Sure, there are exceptions. Boys who've had their heads shaved before tend not to be so invested in it unless it was long ago and they didn't like it. Of the guys who say they "can't" shave their heads for work or other reasons, about 90% of them are wrong. A shaved head is an interesting haircut in terms of personal dynamics: if you wear it with your head held high and walk with confidence, it's a very powerful look for any job - sales, waiter, anything. If you keep your chin down and your shoulders slumped and act submissively, it makes you look extremely submissive. Yet these same sub boys are used to not acting submissively outside of their master's presence, so again, it's not a problem. They just have to deal with it. (Now, if you're a TV personality or a model or an actor currently playing a part, then yeah, you have some restrictions. The vast majority of sub boys do not have this problem.)
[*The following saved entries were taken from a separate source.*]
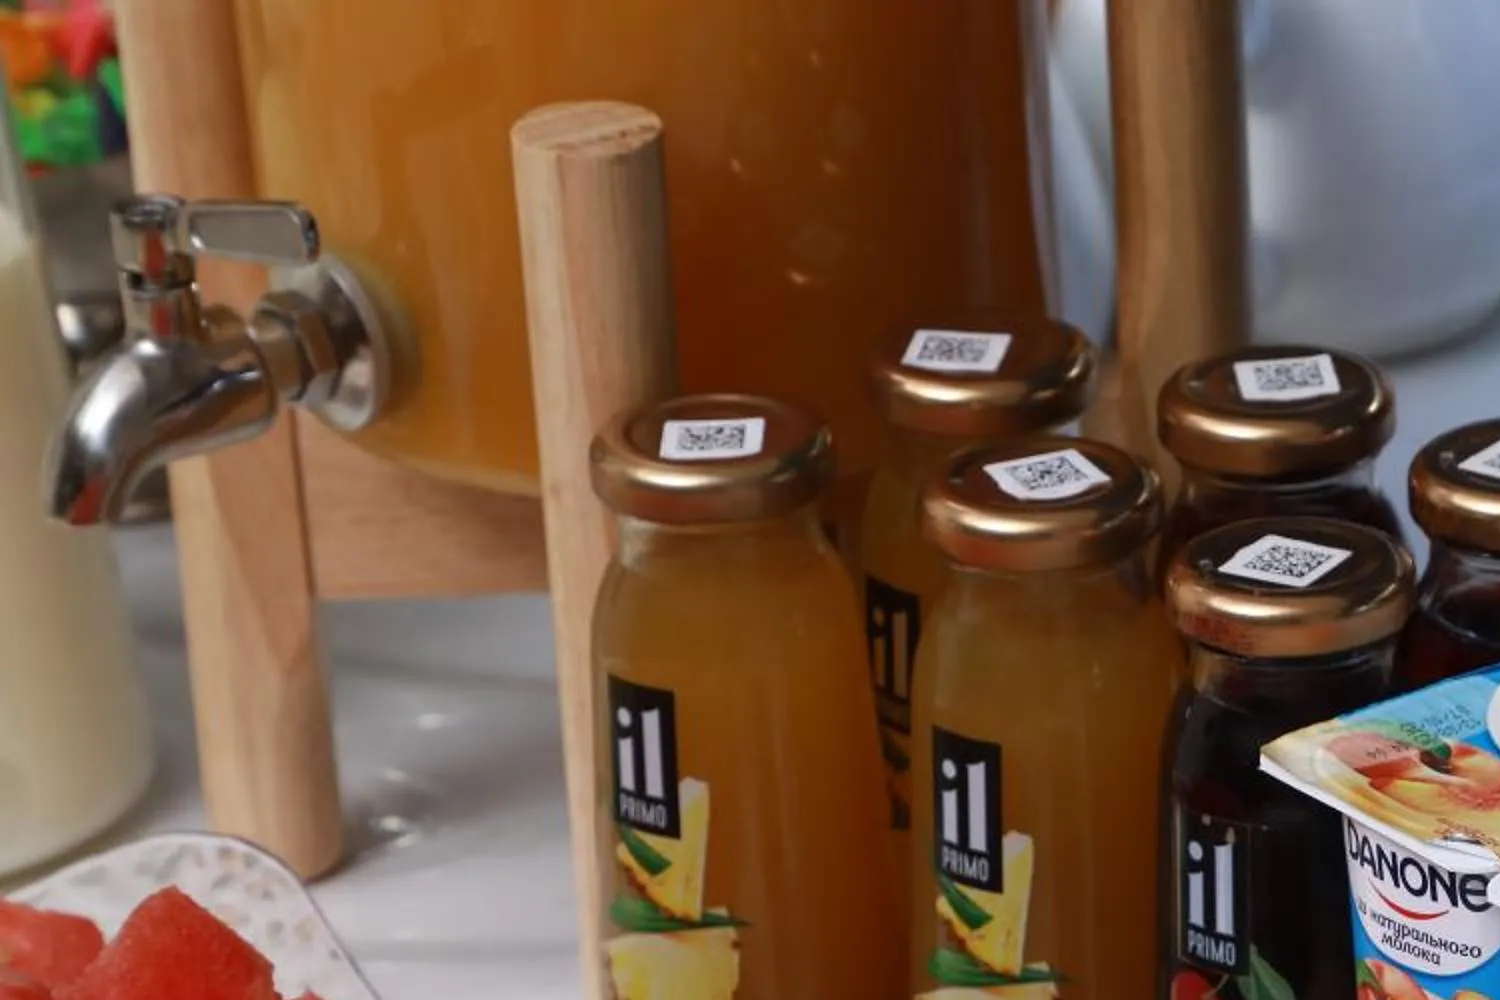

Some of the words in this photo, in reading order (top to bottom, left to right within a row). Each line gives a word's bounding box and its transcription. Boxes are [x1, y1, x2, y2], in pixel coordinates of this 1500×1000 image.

[620, 794, 667, 829] PRIMO
[941, 846, 989, 882] PRIMO
[1348, 822, 1492, 913] DANONE
[1187, 929, 1236, 966] PRIMO
[1381, 933, 1441, 966] молока
When a boy gets his head shaved by his master, he starts to accept and understand an important part of his sexuality, precisely because he can't remove or hide it like the other symbols of submission. The act itself is extremely dominant for the master, the result is important for the boy. It's almost a BDSM rite of passage. I don't think every boy needs his head shaved every time, and some may never need it. But some do need it, whether they want it or not.

I could do something else - but what would be the point?